BEGIN

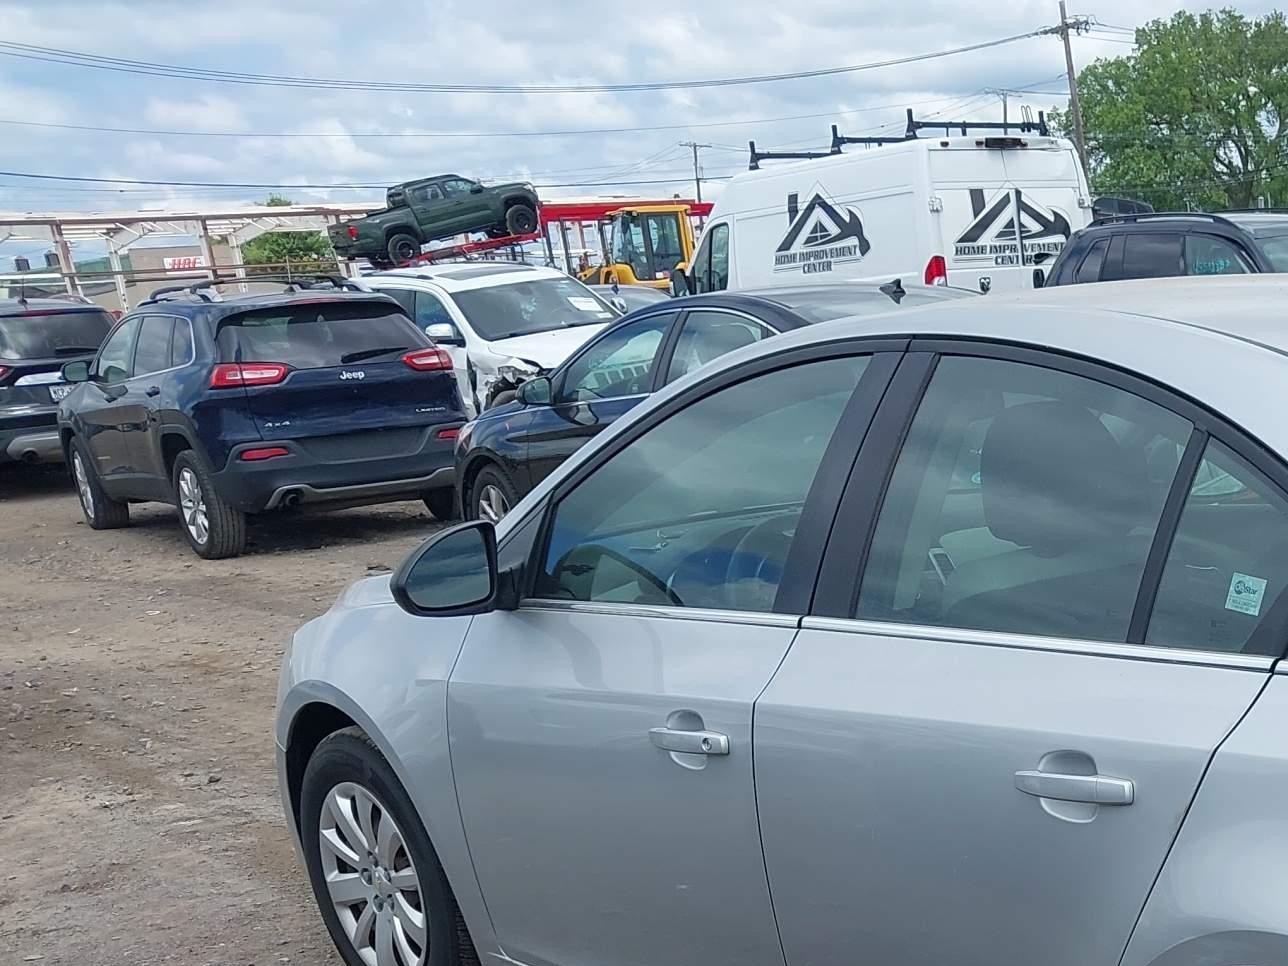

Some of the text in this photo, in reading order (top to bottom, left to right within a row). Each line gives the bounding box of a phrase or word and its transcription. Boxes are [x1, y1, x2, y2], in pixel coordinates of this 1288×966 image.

[775, 244, 858, 265] HOME IMPROVEMENT
[954, 241, 1065, 256] HOME IMPRVEMENT
[994, 253, 1033, 265] CENTR
[802, 260, 833, 274] CENTER
[340, 370, 365, 380] Jeep

END

**Exercise instructions**
Output the whole listing again, exactly, without its pictures.

**Task answer**
Some of the text in this photo, in reading order (top to bottom, left to right within a row). Each line gives the bounding box of a phrase or word and its transcription. Boxes are [x1, y1, x2, y2], in pixel coordinates of this 1288×966 image.

[775, 244, 858, 265] HOME IMPROVEMENT
[954, 241, 1065, 256] HOME IMPRVEMENT
[994, 253, 1033, 265] CENTR
[802, 260, 833, 274] CENTER
[340, 370, 365, 380] Jeep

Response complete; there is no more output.